Mapos, Mamuju – Biro Pemkesra Setda Provinsi Sulawesi Barat menggelar kegiatan Pelatihan Calon Imam dan Khatib Tahun 2026 di Aula Hotel Berkah, Mamuju, pada 8–10 Maret 2026. Kegiatan ini diikuti oleh peserta dari berbagai lembaga keagamaan dan madrasah di Sulawesi Barat sebagai bagian dari upaya pemerintah daerah dalam meningkatkan kualitas sumber daya manusia di bidang keagamaan.
Ketua Panitia Makdum Ibrahim, menyebutkan, peserta yang mengikuti kegiatan sejumlah 60 orang perwakilan remaja masjid di Kecamatan Kalukku, Kecamatan Mamuju dan Kecamatan Simboro.
Pelatihan tersebut bertujuan untuk meningkatkan kapasitas serta kualitas para calon imam dan khatib agar mampu memimpin ibadah dengan baik serta menyampaikan khutbah yang menyejukkan dan memberi pencerahan bagi masyarakat.

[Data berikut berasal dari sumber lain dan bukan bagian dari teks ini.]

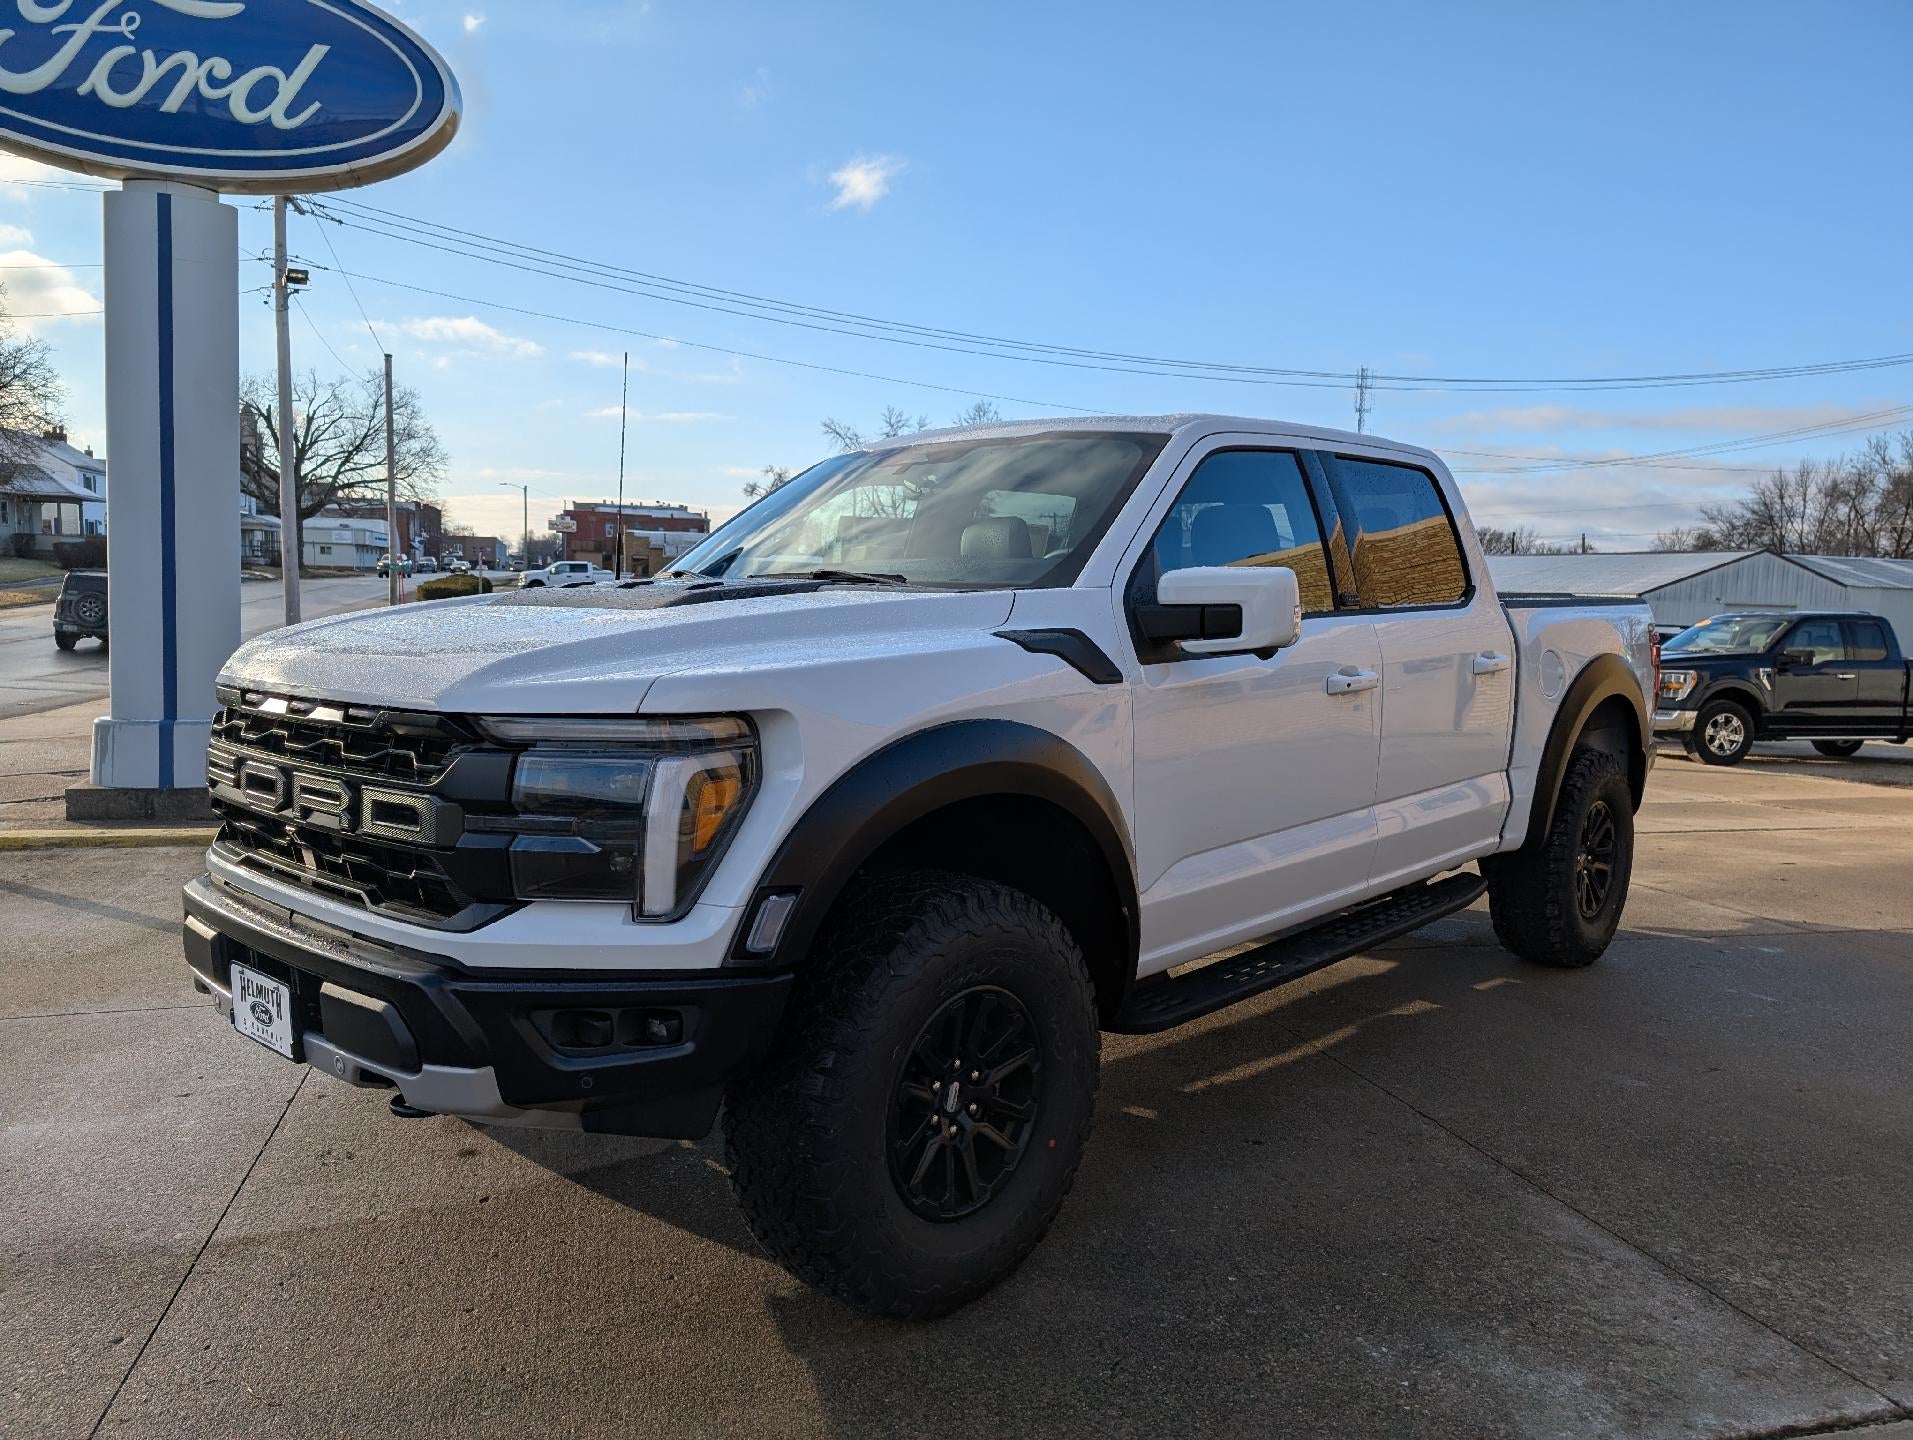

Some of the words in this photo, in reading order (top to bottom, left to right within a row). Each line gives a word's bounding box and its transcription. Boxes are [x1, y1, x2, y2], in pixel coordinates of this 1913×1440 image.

Para peserta mendapatkan berbagai materi pembekalan, mulai dari tata cara menjadi imam yang baik, teknik penyampaian khutbah, hingga pemahaman fiqih ibadah.
Kepala Biro Pemkesra Setda Provinsi Sulawesi Barat, Murdanil, mengatakan bahwa peran imam dan khatib sangat strategis dalam kehidupan masyarakat, tidak hanya sebagai pemimpin ibadah tetapi juga sebagai pembimbing spiritual bagi umat.
“Imam dan khatib memiliki tanggung jawab besar dalam membimbing umat. Karena itu, yang perlu diperhatikan adalah kemampuan membaca Al-Qur’an dengan baik dan benar, pemahaman keagamaan yang kuat, serta cara menyampaikan pesan dakwah yang bijak dan menyejukkan,” ujar Murdanil.
Ia menambahkan bahwa melalui pelatihan ini, para peserta diharapkan dapat meningkatkan kompetensi serta menjadi teladan dalam kehidupan beragama di tengah masyarakat.
Pelaksanaan pelatihan berlangsung selama tiga hari dengan metode penyampaian materi, diskusi, serta praktik langsung dalam memimpin salat dan menyampaikan khutbah. Para peserta juga mendapatkan kesempatan untuk berdialog dengan narasumber guna memperdalam pemahaman mereka terkait tugas dan tanggung jawab sebagai imam dan khatib.
Kegiatan ini juga sejalan dengan komitmen Pemerintah Provinsi Sulawesi Barat dalam memperkuat pembangunan sumber daya manusia, sebagaimana yang selalu disampaikan oleh Gubernur Sulawesi Barat, Suhardi Duka, bahwa pembangunan daerah tidak hanya berfokus pada aspek ekonomi, tetapi juga pada penguatan nilai-nilai moral, sosial, dan spiritual masyarakat.
Melalui pelatihan ini, diharapkan lahir imam dan khatib yang kompeten, berintegritas, serta mampu menjadi agen pemersatu umat. Pemerintah daerah juga mengajak masyarakat untuk terus mendukung dan berpartisipasi dalam berbagai kegiatan pembinaan keagamaan demi terciptanya kehidupan masyarakat yang harmonis, religius, dan sejahtera.